Currently a design consultant on Healary, a health and fitness app being developed by an ambitious start-up in Bucharest. It is an enticing blend of dieting, exercise and mental health in a single app. I am mainly handling UI design, creating “final art quality” designs in Adobe Illustrator, although I’m involved in almost all aspects of development when needed including video production, animation, writing and sounds.

I was hired by independent studio Ace Viral to design new match 3 titles. User research and competitive analysis pointed to “tropical holidays” being a suitable theme for the target demographic. I developed the concept, visual style, gameplay features, then designed and balanced all initial 240 launch levels. Tropical Trip was developed in under 8 months by a team of eight which I managed using the agile methodology.

I handled all design and production on games I developed at this studio. I introduced Agile to the studio, and ran production across several small teams simultaneously with daily scrums and weekly sprints. I prepped the launch strategy for my games, and all App Store copy, banners and screenshots were produced or supervised by me.

This match 3 game was developed as an experiment to launch a game targeted to a younger demographic in the Korean, Chinese and Japanese markets. The game was designed, built and launched in two months in 10 languages by a two-person team of just myself and a Java coder.

Lead designer for the child-friendly front end and parental content management systems, account and transaction features for this interactive story-telling app on web, iPhone and iPad that served over two million stories in the first year. I was producer on the iPad version.

Killstorm is a project I conceived and designed at Nice Touch Games, a two-person indie studio I co-founded. The game was designed for mobile devices, and had a unique one-touch flight and combat system that was immensely fun to control. We were later approached by both Microsoft & Sony to bring this to Xbox One and PS4. Unfortunately before the project could be funded we cancelled it due to “life”.

I was responsible for the core game idea, designed the mobile touch controls, all game systems and user interfaces. The demo included several fully playable missions built by me. The game name, identity and all promo materials were also produced by me.

A programming puzzle game I designed at Nice Touch Games. I created the concept, designed the UI, created all levels and managed the project. All our indie games were launched in a professional manner, with press releases, previews, interviews and trailers all arranged and produced ahead of release.

I co-founded Nice Touch Games, an indie studio where I handled all design and production (including hiring/directing contractors for animation and audio). We developed a series herding games, which were well received. Crazy Horses Unstabled won a Unity Award for best use of native features.

At Sony London I was a member of the New Platform Group, an R&D team tasked with developing game concepts for prototype PS Vita and PS Move hardware.
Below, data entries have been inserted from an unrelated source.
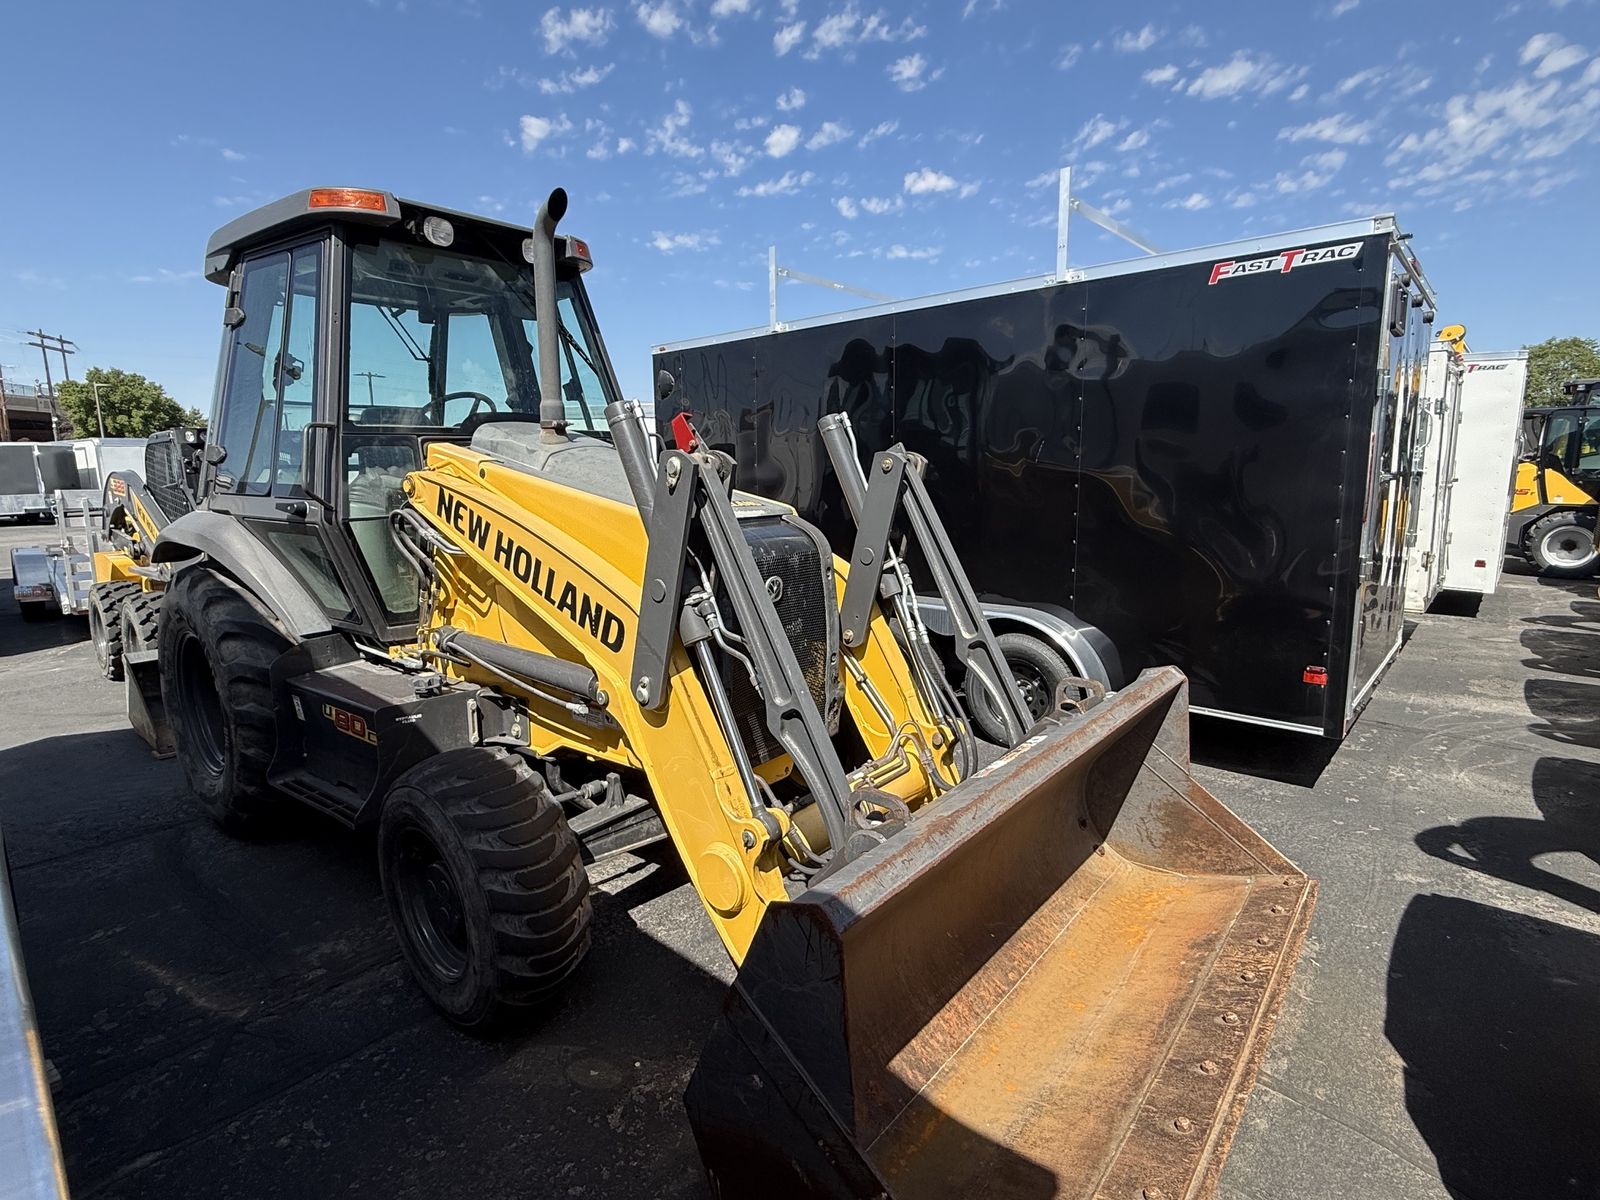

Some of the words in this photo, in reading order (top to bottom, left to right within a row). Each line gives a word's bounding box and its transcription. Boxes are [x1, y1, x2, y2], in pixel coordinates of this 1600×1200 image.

[1209, 258, 1278, 284] FAST
[1281, 246, 1356, 273] TRAC
[1467, 364, 1506, 373] TRAC
[437, 486, 491, 551] NEW
[494, 529, 625, 653] HOLLAND
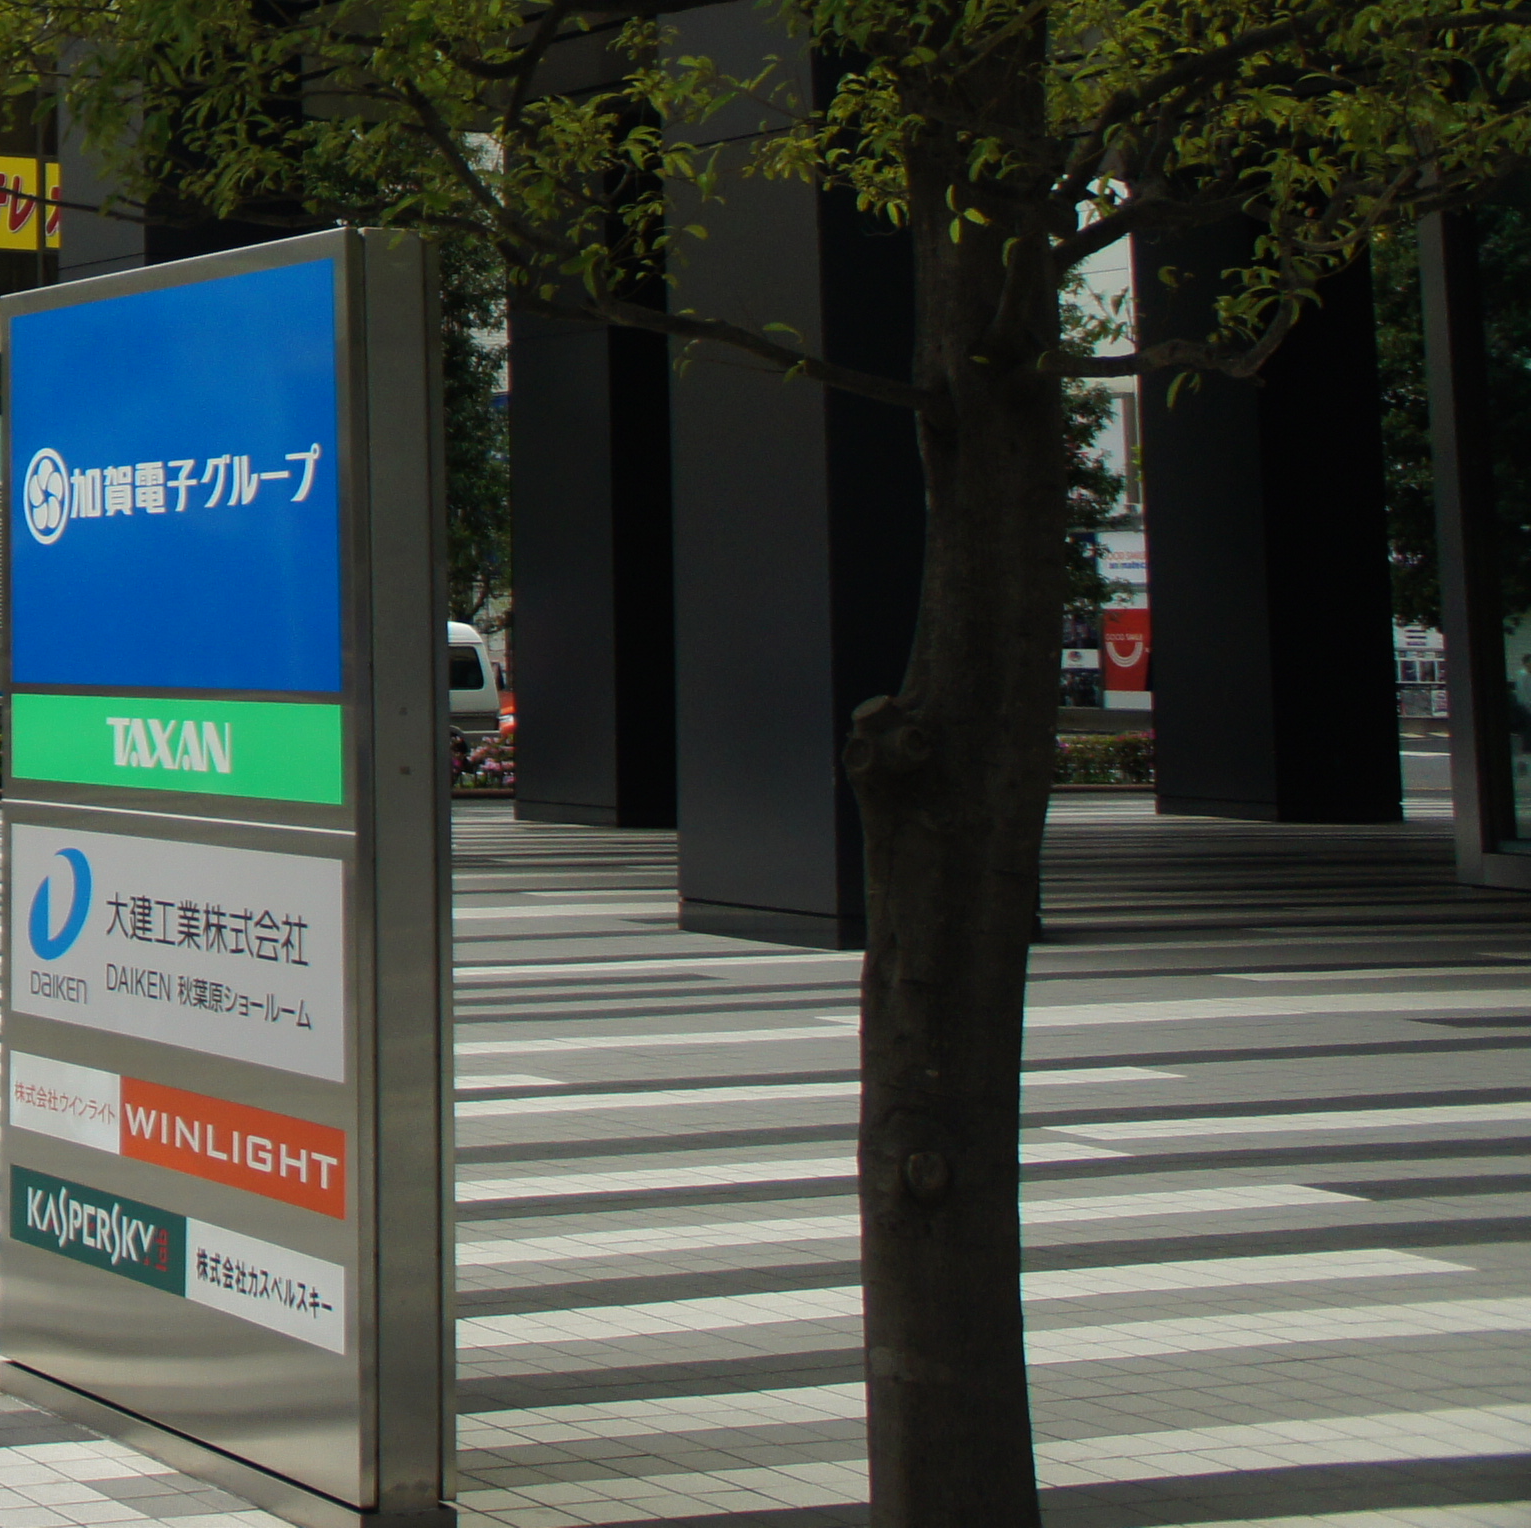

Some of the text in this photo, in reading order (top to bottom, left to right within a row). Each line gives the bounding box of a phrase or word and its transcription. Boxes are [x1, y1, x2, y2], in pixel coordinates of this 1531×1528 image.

[69, 443, 321, 520] 加賀電子グループ
[105, 716, 232, 774] TAXAN
[105, 891, 310, 968] 大建工業株式会社
[105, 962, 313, 1031] DAIKEN 秋葉原ショールーム
[13, 1081, 116, 1125] 株式会社ウインライト
[124, 1102, 338, 1191] WINLIGHT
[26, 1185, 155, 1267] KASPERSKY
[196, 1246, 334, 1319] 株式会社カスペルスキー
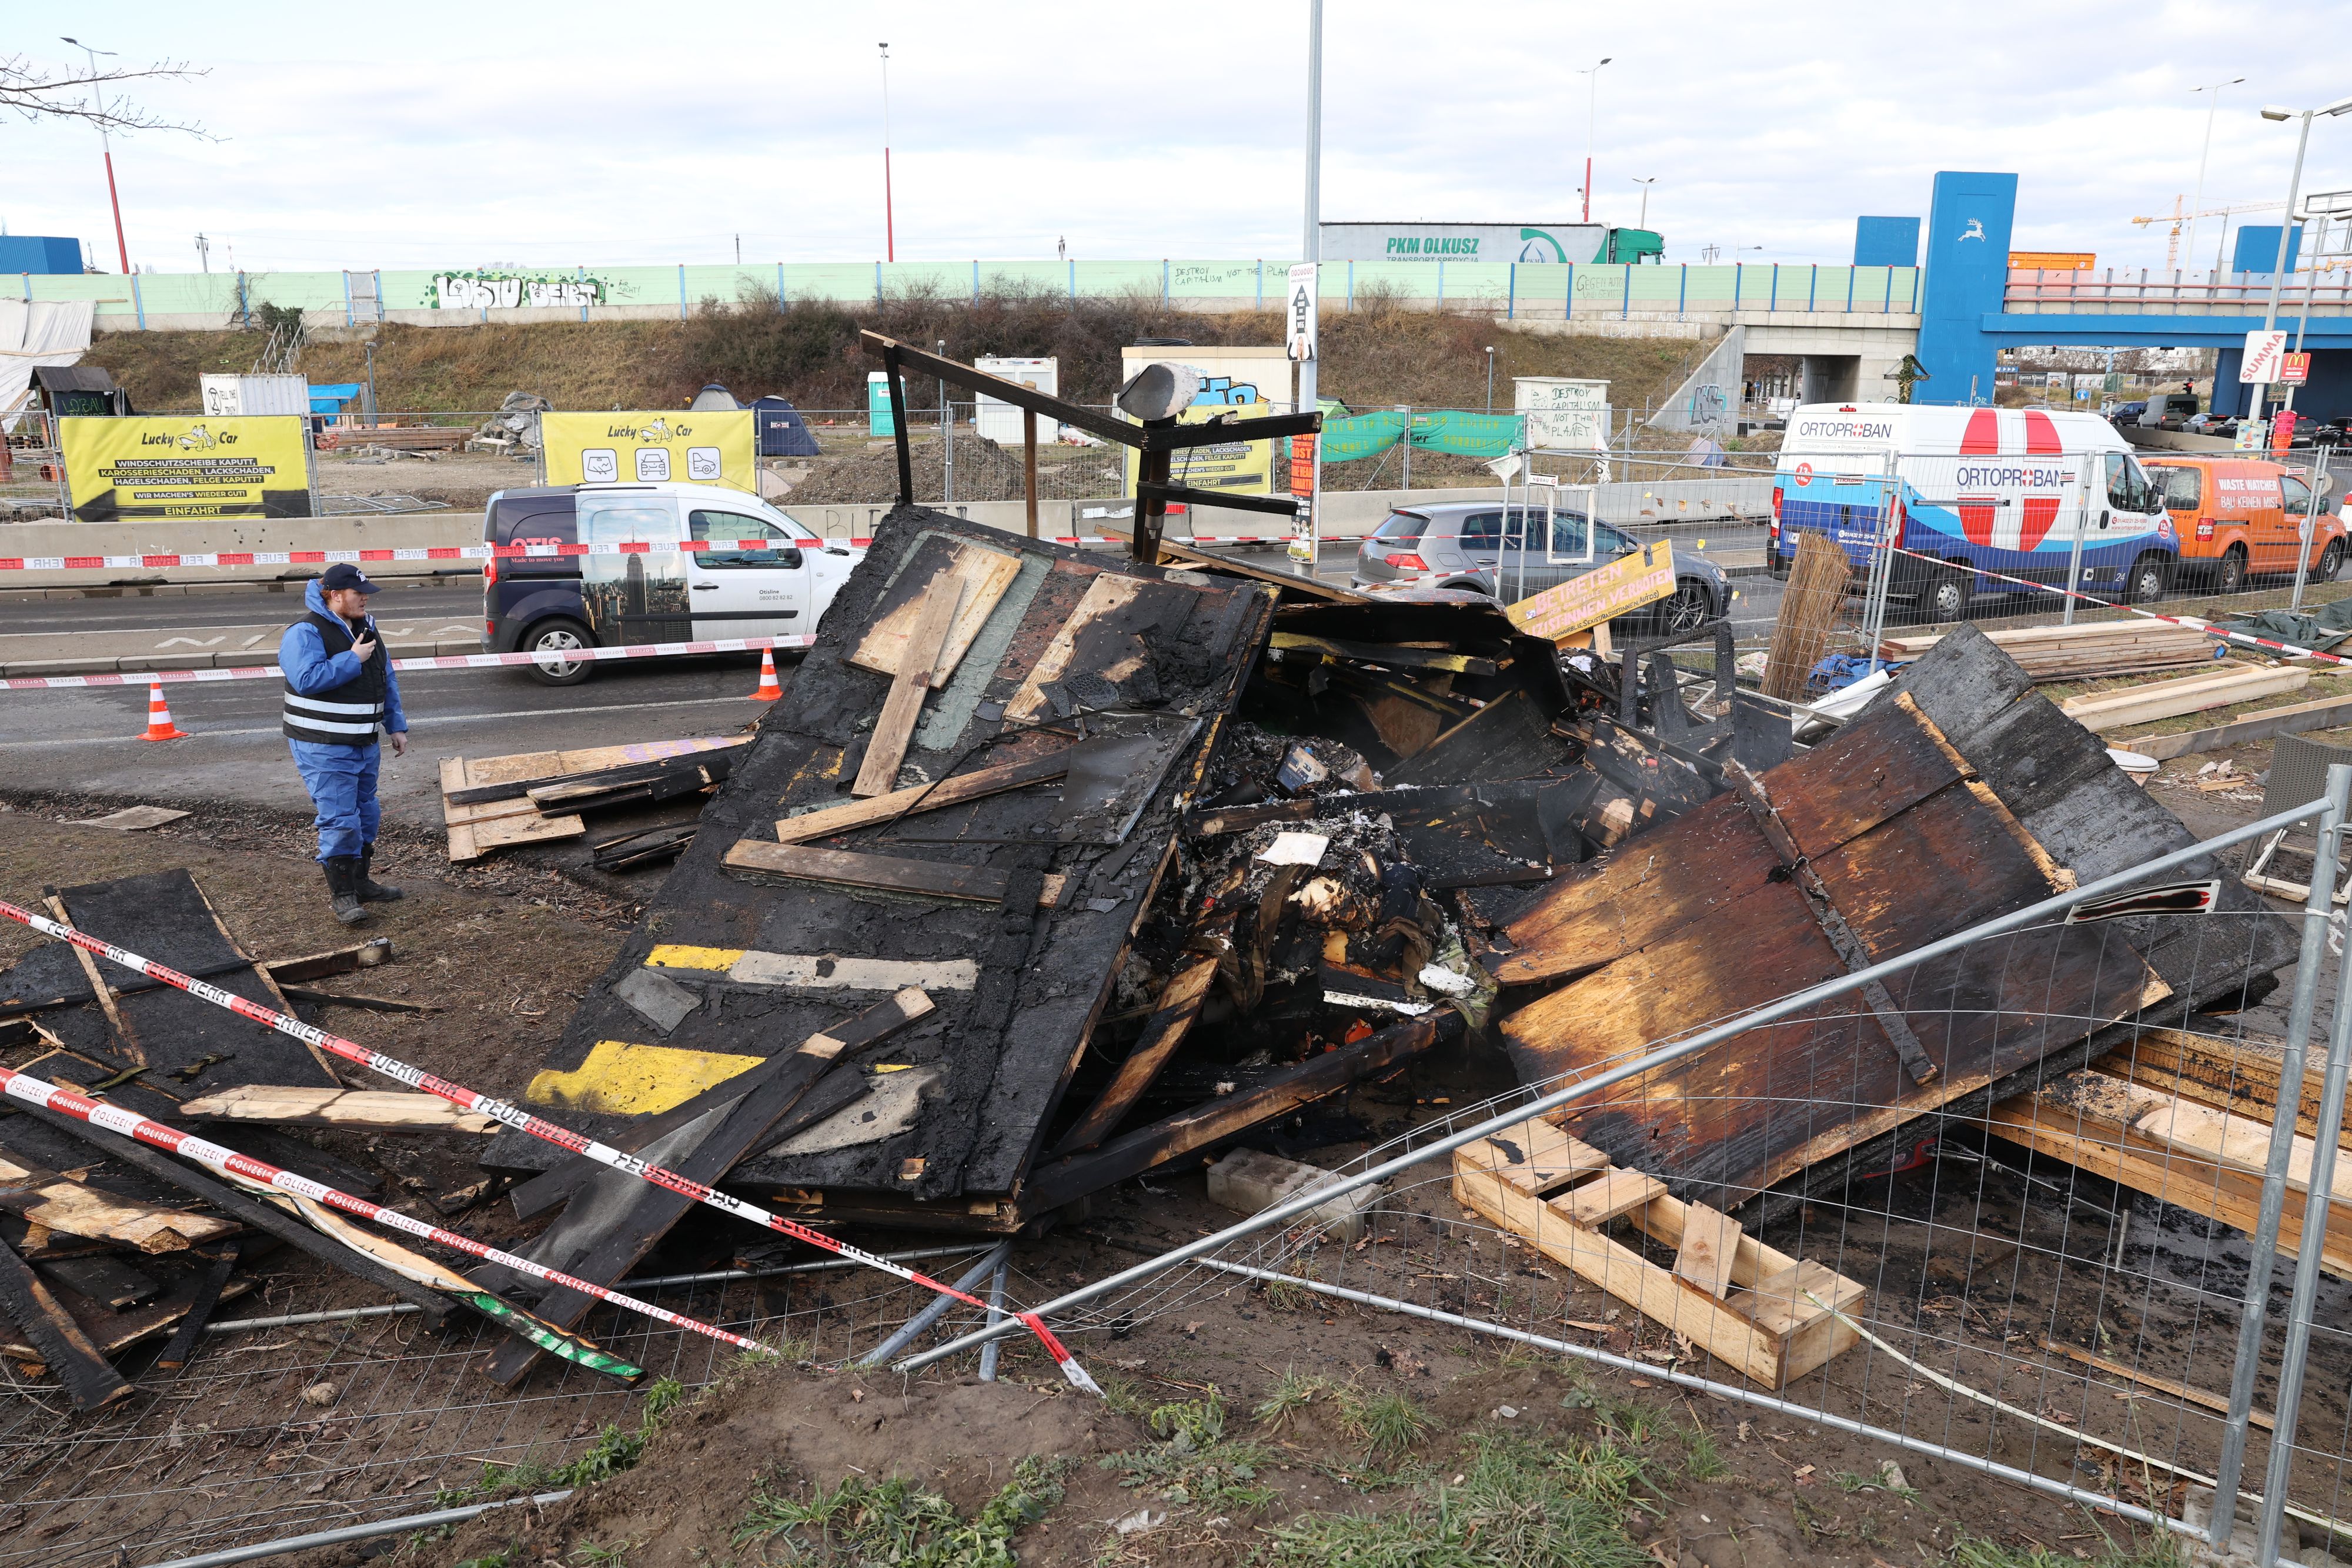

We were trained in brainstorming and lateral thinking techniques, and we generated hundreds of concepts including hit horror game Until Dawn.

As lead level designer I worked with the game directors to establish the core structure of the game, created detailed level “story scripts”, modelled and animated player interactions, and scripted whitebox levels. I participated in focus-tests at the in-studio facilities to refine the gameplay experience.

I’m a capable storyboard artist - for Until Dawn and other concepts I sketched hundreds of panels for story and player interactions.

I worked as Senior Level Designer on this ambitious title that was unfortunately cancelled. Eight Days was a road trip, buddy cop game with co-op third person shooter gameplay, driving levels and QTE’s. It involved talent such as Ving Rhames, Dennis Hopper and Gary Oldman.

I joined Eight Days after completing BLACK. One of several levels I conceived, planned, whiteboxed and scripted to a fully playable state was the grand opening level set on the fictional Madison Dam. I was given one piece of direction: build a level with the spectacle of God of War III. See next page for what I built…

Intro: uncover plot to destroy dam, steal detonators. Dam Top Pursuit: chased by gunship, heavy destruction, dam breached, jump the breach. Visitor Centre: vertical space, glass cover and walls, player cornered, leap onto gunship. Gunship QTE: fly-though of scene, quick actions and gunplay while hanging on, tumble onto bridge. Bridge Showdown: gunfight on collapsing bridge, cornered by gunship, player blows dam to save themselves.

I collaborated tightly on all features of this game, working with the entire design team to tackle translating Burnout into the open-world. I helped design the seamless online multiplayer, the open-world crash mode, and solely designed, implemented and balanced the open-world traffic system.

I had data visualisation tools created to help balance, optimise and communicate to the team how the open-world traffic system worked. Many subtle tricks were used ensure the traffic system worked in harmony with the high speed racing gameplay Burnout is famous for.

I helped deliver this hit first-person shooter, from playable demo to finished product in under 9 months. Myself and one other designer completed all level design in around 3 months. We were assisted by three junior level designers to script levels using the editor tool that I designed.

I modelled levels in SketchUp and imported geometry into the engine for play testing. Once signed-off, I briefed each level art team using my models, design docs, visual research and sketches. I also worked within the audio team to hook music, ambiances and sound-effects into the level scripting.

A hyper casual game I solo designed, coded and created art and animation for. This was a short project to practice creating a game from concept to launch on my own just for fun.